I had to face staff who were intent on making an example out of me. This led to numerous and repeated forms of retaliation aimed at destabilizing me and convincing me to be passive, obedient and unquestioning. In all, I was detained for about 17 years. To this day, I live with emotional trauma, as well as severe back pain from being forced to sleep on surfaces that did not provide adequate support. Perhaps it would not have been so many years if it was not for a top administrator, Dr. James P. Corcoran, intentionally falsifying court reports to make me appear worse than was the case, among other forms of retaliation. In the months before my conditional release, he was exposed and embarrassed in front of the judge who ultimately conditionally released me in September of 2019.
In April of 2021, I was finally unconditionally discharged from the criminal justice system. This is what currently allows me to speak openly about my experiences. It is no hyperbole to say that had I talked openly about my own perspective on my experience in the system, I could have been dragged back to detention for years. However, despite my freedom from a system that tortured me for years, I am nevertheless relegated to the status of lifelong mental patient. Due to my previous states of consciousness, that label will likely follow me for life. I did not intend to play such a social role when I was younger; now, as an adult, the best that I can do is be living proof of why such a label is inadequate to capture my experience.
In reflection, I interpret my own “psychosis” as but one step in a transformational growth process. In navigating such a process successfully, despite numerous obstacles along the way, I am better for it. I have often been told that I am “the sanest person in the room.” This grew out of the daily discrimination that I faced—and continue to face—with the label of “mental illness.” I am presumed sick and disabled until I can demonstrate otherwise, and thus that is my lifelong task: to demonstrate otherwise. I want to show people that so-called psychosis can be interpreted as a potential gift that must be cultivated and in doing so, the person will not just heal their “psychosis” but can uncover important qualities that they may never have known they possessed.

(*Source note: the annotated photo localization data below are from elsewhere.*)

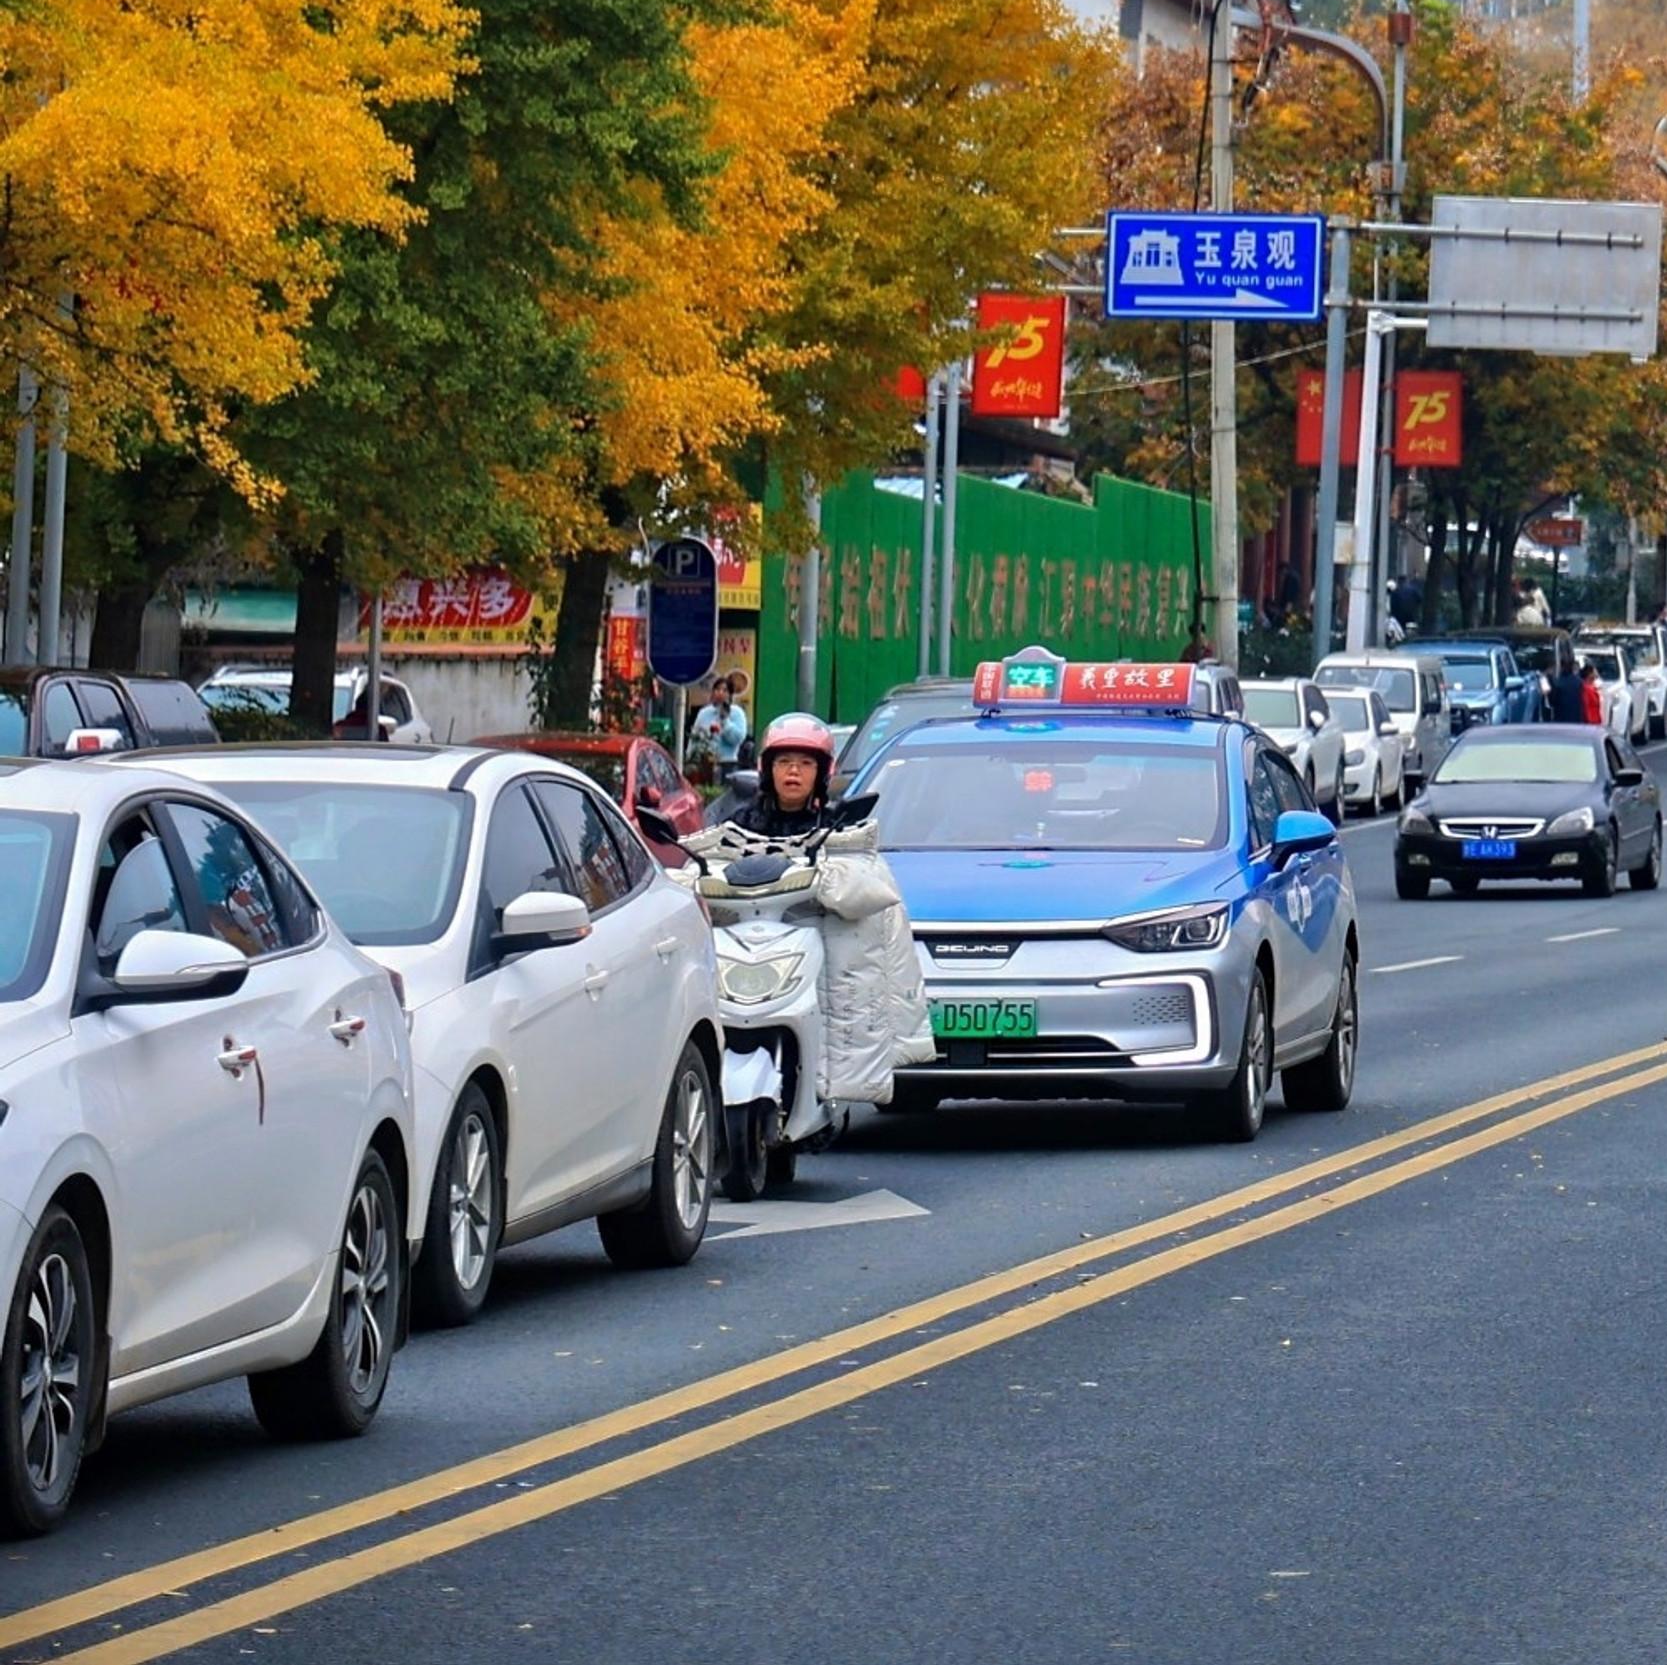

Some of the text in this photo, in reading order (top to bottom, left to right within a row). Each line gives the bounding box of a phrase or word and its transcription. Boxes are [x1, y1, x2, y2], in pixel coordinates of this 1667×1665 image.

[1194, 229, 1296, 270] 玉泉观
[1195, 271, 1303, 290] Yu quan guan
[1403, 392, 1451, 430] 75
[675, 549, 695, 575] P
[1008, 666, 1054, 689] 空车
[943, 1003, 1033, 1032] D50755
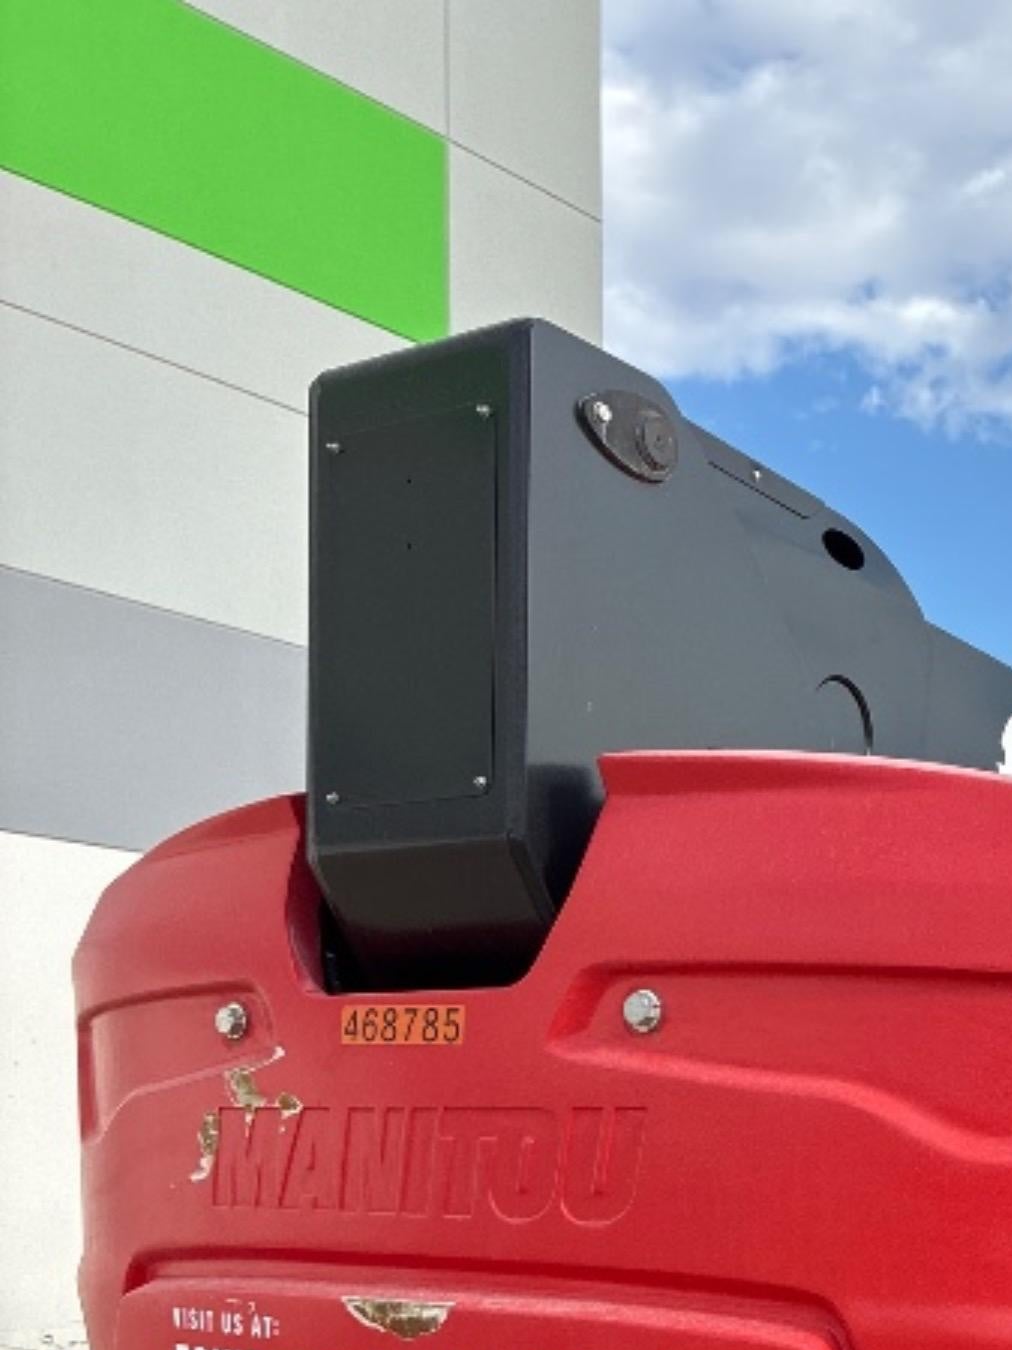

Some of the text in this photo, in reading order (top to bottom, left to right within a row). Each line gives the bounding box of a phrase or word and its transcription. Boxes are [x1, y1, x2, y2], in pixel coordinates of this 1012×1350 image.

My meditation practice has certainly made me the most content person in the room, if not also the sanest. I have learned how to be genuinely happy in the worst of circumstances, so that I can share that happiness wherever I may go. I was taught by my family to make my corner of the world a better place to be. While certain people’s egos may not be comfortable with how I go about this, my intention will always be there. Indeed, my experience has taught me that I am not here to make another person’s ego comfortable. As a result of my experience in the system as well as successfully resolving my transformational growth process, I like to say that the greatest act of rebellion is to be genuinely happy. It was this genuine happiness that prevented me from going along with a harmful system merely to get released. It is this genuine happiness that remains with me to ensure that I will be able to deal with a potentially lifelong label of “mentally ill.”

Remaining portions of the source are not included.